This is what the current implementation is doing:
In OnMouseWheel it calls the following method:
this.ZoomAboutViewportPoint(((double) e.Delta) / 100.0, e.GetPosition(this));
It's implementation is:
private void ZoomAboutViewportPoint(double zoomLevelIncrement, Point zoomTargetInViewport)
{
base.ZoomAndRotateOrigin = new Point?(zoomTargetInViewport);
base.ViewBeingSetByUserInput = true;
base.SetView((double) (base.TargetZoomLevel + zoomLevelIncrement), base.TargetHeading);
base.ViewBeingSetByUserInput = false;
}
Obviously you cant set base.ViewBeingSetByUserInput and base.ZoomAndRotateOrigin directly as they are internal.
You can however just use SetView accordingly with the viewport coordinates, but will still loose the nice animation part.

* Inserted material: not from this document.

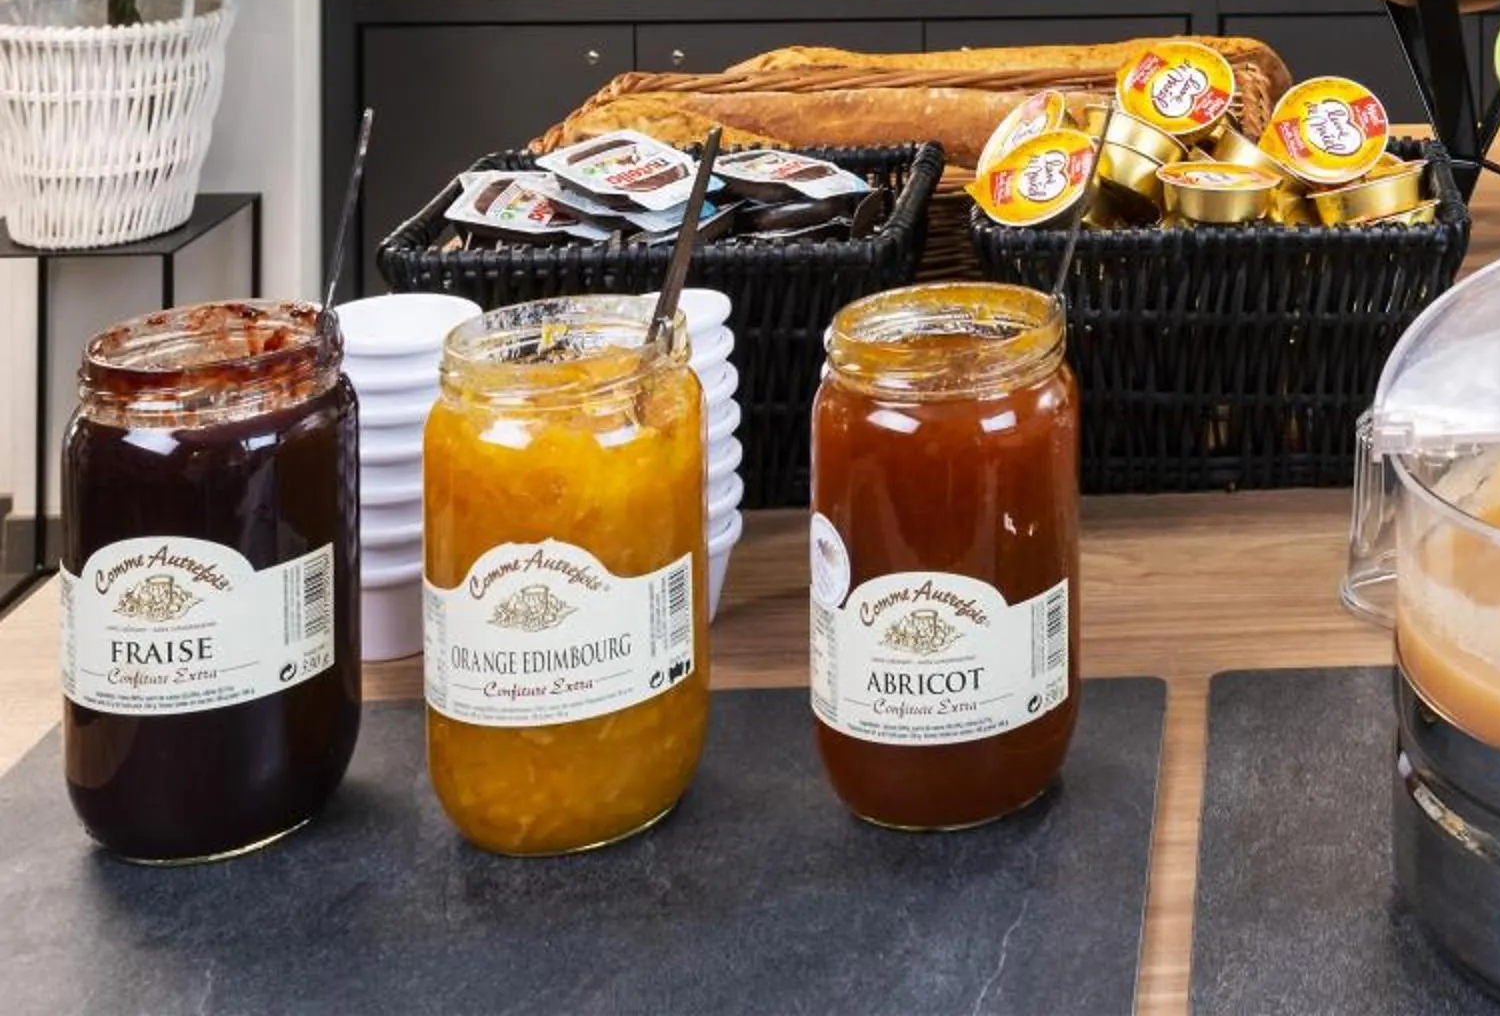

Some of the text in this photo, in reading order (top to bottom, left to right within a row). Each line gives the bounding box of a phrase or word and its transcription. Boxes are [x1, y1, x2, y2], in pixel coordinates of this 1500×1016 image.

Alternatively you can set the aforementioned values via reflection, but that is a brittle hack and prone to break if the control changes.
--- UPDATE
As described above: If you hook up to the MouseWheel Event here is the code to make it work via the reflection call of the private method:
void BingMap_MouseWheel(object sender, MouseWheelEventArgs e)
{
e.Handled = true;
System.Reflection.MethodInfo dynMethod = this.BingMap.GetType().GetMethod("ZoomAboutViewportPoint", System.Reflection.BindingFlags.NonPublic | System.Reflection.BindingFlags.Instance);
dynMethod.Invoke(this.BingMap, new object[] { (((double)e.Delta) / 400d), e.GetPosition(this.BingMap) });
}
This brings it down to a quarter of the speed and makes it usable with the least amount of code. But again this is a hack!